ZEBRA TECHNOLOGIES CORPORATION
(Exact Name of Registrant as Specified in Charter)
 
Delaware000-1940636-2675536
(State or Other Jurisdiction
of Incorporation)
(Commission
File Number)
(IRS Employer
Identification No.)
3 Overlook Point, Lincolnshire, Illinois  60069
(Address of Principal Executive Offices)(Zip Code)
Registrant’s telephone number, including area code: 847-634-6700
 
Check the appropriate box below if the Form 8-K filing is intended to simultaneously satisfy the filing obligation of the registrant under any of the following provisions:
Written communications pursuant to Rule 425 under the Securities Act (17 CFR 230.425)
Soliciting material pursuant to Rule 14a-12 under the Exchange Act (17 CFR 240.14a-12)
Pre-commencement communications pursuant to Rule 14d-2(b) under the Exchange Act (17 CFR 240.14d-2(b))
Pre-commencement communications pursuant to Rule 13e-4(c) under the Exchange Act (17 CFR 240.13e-4(c))
Securities registered pursuant to Section 12(b) of the Act:
Title of each classTrading SymbolName of exchange on which registered
Class A Common Stock, par value $.01 per shareZBRAThe NASDAQ Stock Market, LLC



Indicate by check mark whether the registrant is an emerging growth company as defined in Rule 405 of the Securities Act of 1933 (§230.405 of this chapter) or Rule 12b-2 of the Securities Exchange Act of 1934 (§240.12b-2 of this chapter).
Emerging growth company  

If an emerging growth company, indicate by check mark if the registrant has elected not to use the extended transition period for complying with any new or revised financial accounting standards provided pursuant to Section 13(a) of the Exchange Act.  




Item 1.01 Entry into a Material Definitive Agreement.

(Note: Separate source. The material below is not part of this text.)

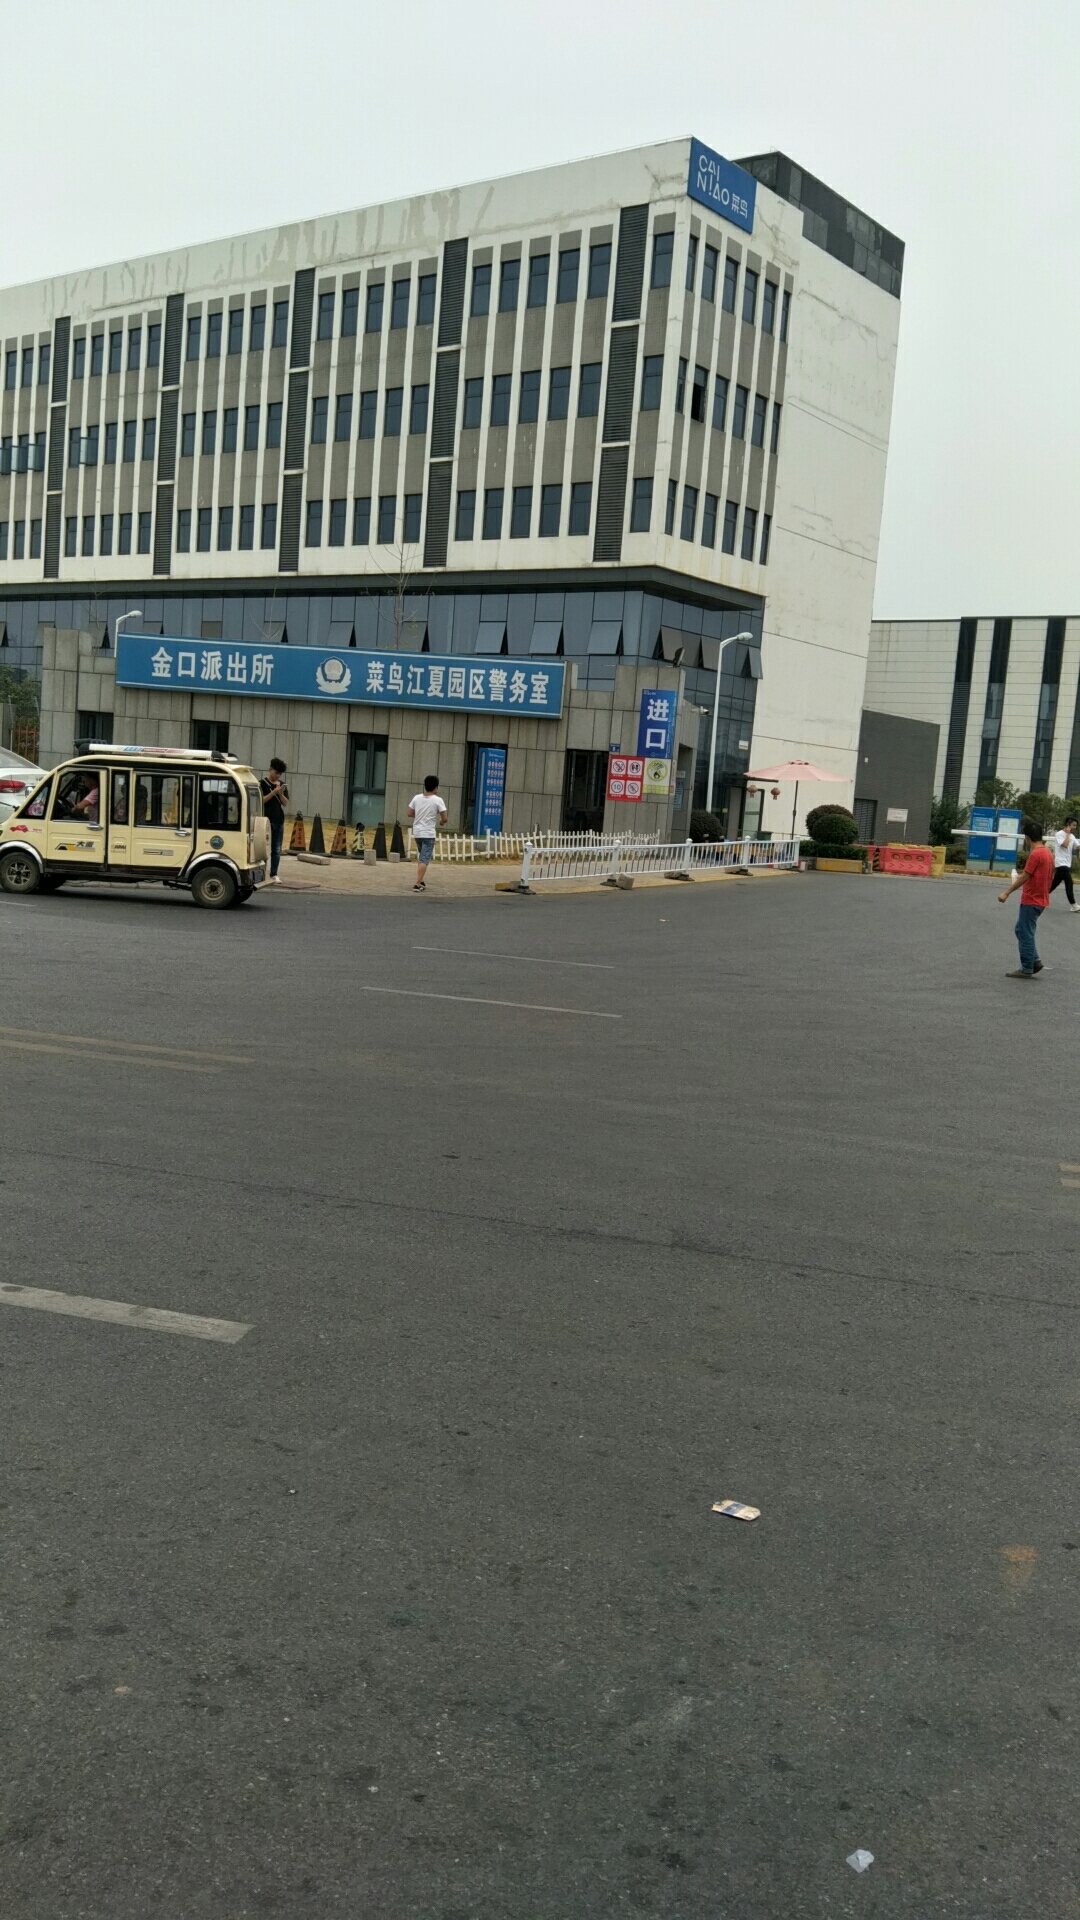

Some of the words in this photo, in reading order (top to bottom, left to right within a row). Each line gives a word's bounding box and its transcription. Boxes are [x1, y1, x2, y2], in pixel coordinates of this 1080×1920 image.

Amendment to Credit Agreement

On May 25, 2022, Zebra Technologies Corporation (the “Company”) completed a material amendment to its debt facilities by entering into Amendment No. 3 (“Amendment No. 3”) to the Amended and Restated Credit Agreement dated as of July 26, 2017 (as amended by Amendment No. 1, Amendment No. 2, and Amendment No. 3, the “Credit Agreement”), by and among the Company, Zebra Diamond Holdings Limited, a subsidiary of the Company (“ZDHL”), the lenders party thereto, and JPMorgan Chase Bank, N.A., as revolving facility administrative agent, Tranche A Term Loan administrative agent and collateral agent. Amendment No. 3, among other things, (1) refinances, respectively, the Tranche A Term Loans and Revolving Credit Facility under the Credit Agreement to (a) repay the existing indebtedness under the Credit Agreement, (b) increase the maximum loan amounts available to the Company and (c) amend pricing to substitute SOFR for LIBOR, due to the cessation of the latter benchmark, and add a new lower margin pricing tier; (2) extends the maturity date of the Tranche A Term Loans and Revolving Credit Facility and (3) revises certain terms, conditions and covenants providing for increased operating flexibility. Capitalized terms used but not defined herein shall have the meanings assigned to them in the Credit Agreement.

Revolving Credit Facility

The Revolving Credit Facility continues to include borrowing capacity available for letters of credit. Drawings under the Revolving Credit Facility are available in U.S. Dollars, Canadian Dollars, Pounds Sterling, Euros and certain other currencies agreed by the Company and the lenders, and, in the case of letters of credit, certain additional foreign currencies. Amendment No. 3 increases the amount from time to time available under the Revolving Credit Facility (including in respect of letters of credit) to the Dollar equivalent of $1.5 billion. The maturity date of the Revolving Credit Facility has been extended to May 25, 2027. Prior to the execution of Amendment No. 3, the Revolving Credit Facility had been scheduled to mature on August 9, 2024.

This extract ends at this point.